As everyone heads to the Commonwealth to take down Pamela, Ezekiel makes peace with Negan, recounting his various near-death experiences and deciding to let go of his bitterness. Instead, Ezekiel feels that Negan living to make something good of his life is a better way of dealing with his anger and grief. In turn, Negan reveals that he had attempted to sacrifice himself to save Ezekiel and the others out of unselfish motives. As a massive herd overruns the Commonwealth, Ezekiel rallies both his friends and General Mercer's loyal forces to fight for the Commonwealth, unwilling to give up on it.
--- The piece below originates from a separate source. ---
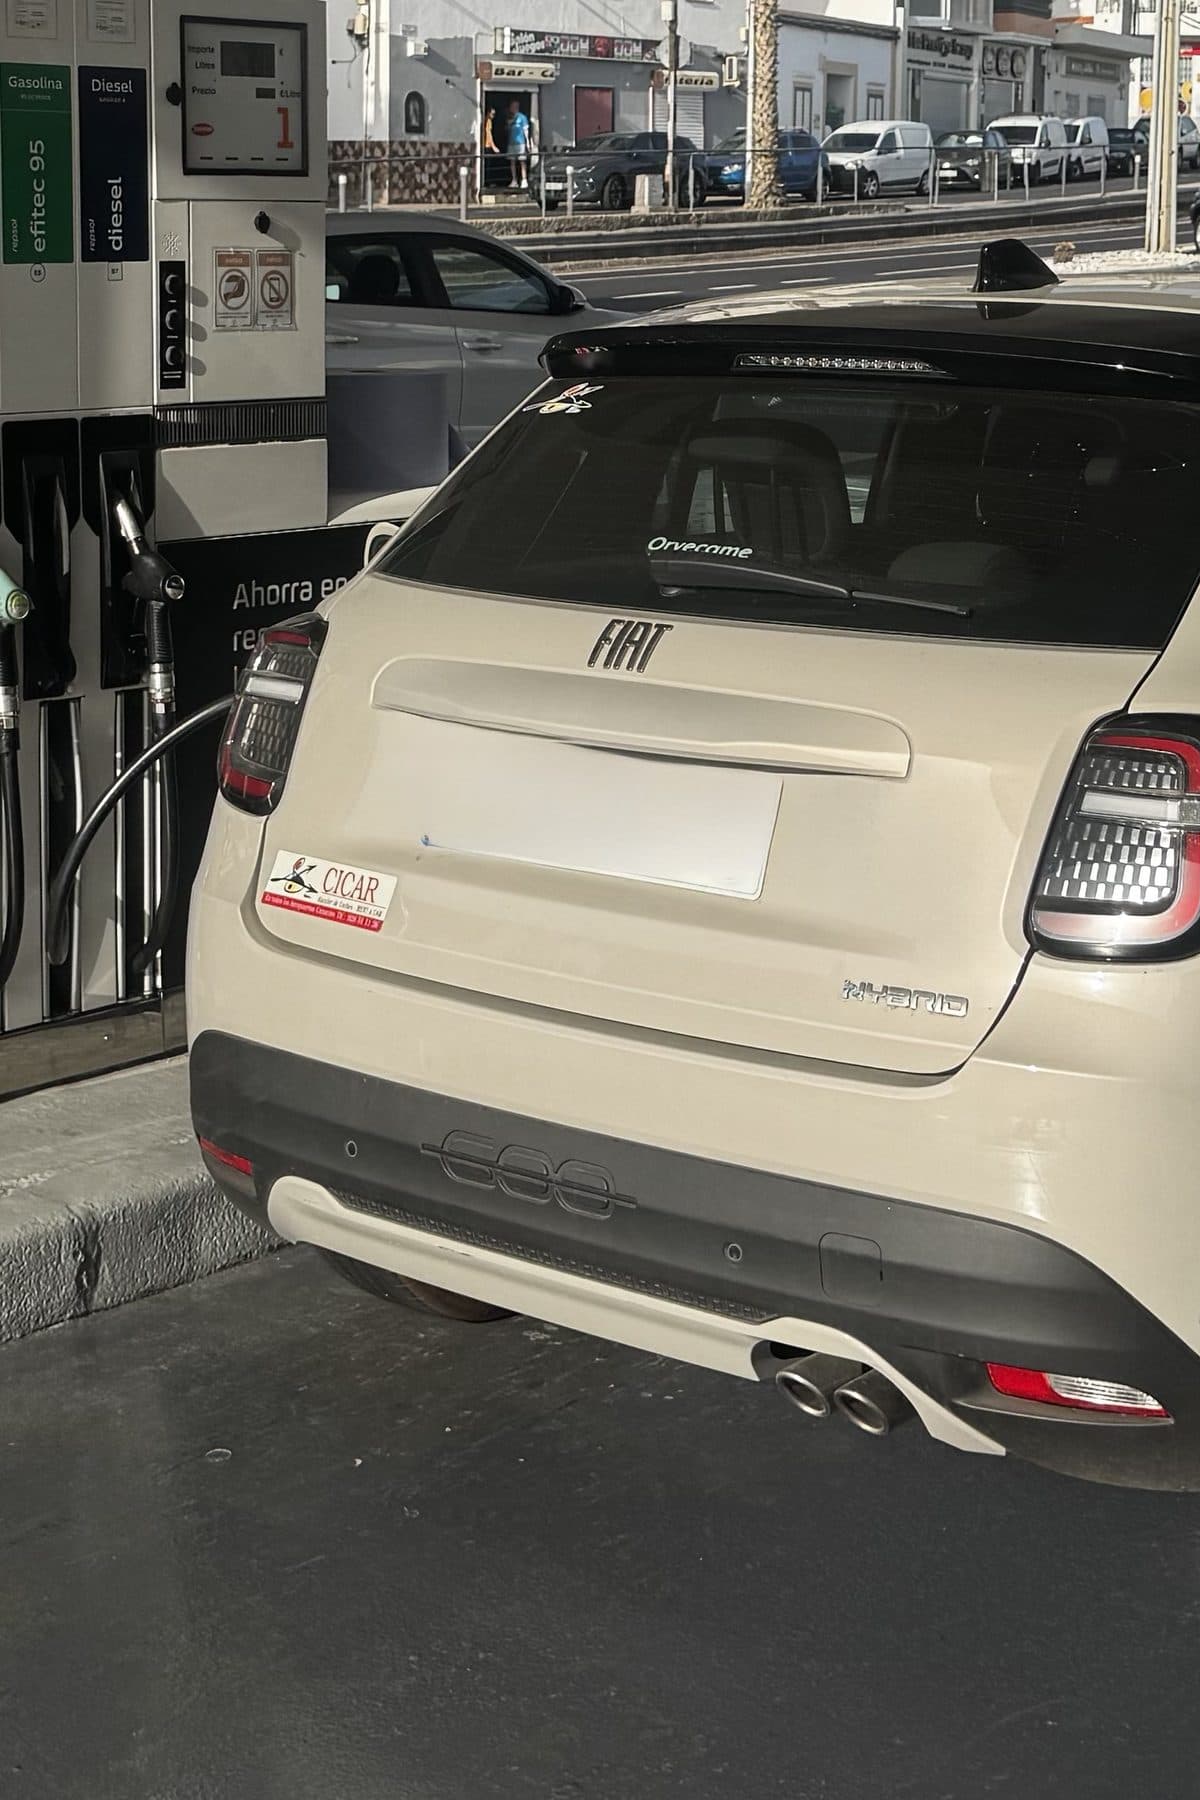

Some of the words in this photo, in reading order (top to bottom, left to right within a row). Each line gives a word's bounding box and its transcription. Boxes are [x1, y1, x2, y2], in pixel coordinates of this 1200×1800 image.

Together, they manage to overthrow Pamela and eliminate the herd, saving the Commonwealth.

A year later, with Pamela in prison for her crimes, Ezekiel becomes the new Governor of the Commonwealth with Mercer as his Lieutenant Governor.

==Development and reception==
Ezekiel is portrayed by Khary Payton on The Walking Dead television series, beginning with the seventh season. Ezekiel and his pet tiger Shiva were introduced in the season seven trailer at San Diego Comic-Con in 2016.

Noel Murray of Rolling Stone ranked King Ezekiel 9th in a list of 30 best Walking Dead characters, saying, "Thanks to Khary Payton's theatrical flair, the general congeniality of "The Kingdom," and one seriously awesome pet tiger, this new leader offered a reminder that violence and selfishness aren't the only way to survive. Sometimes an overly polite nice guy pretending to be medieval royalty can stir up some loyalty too."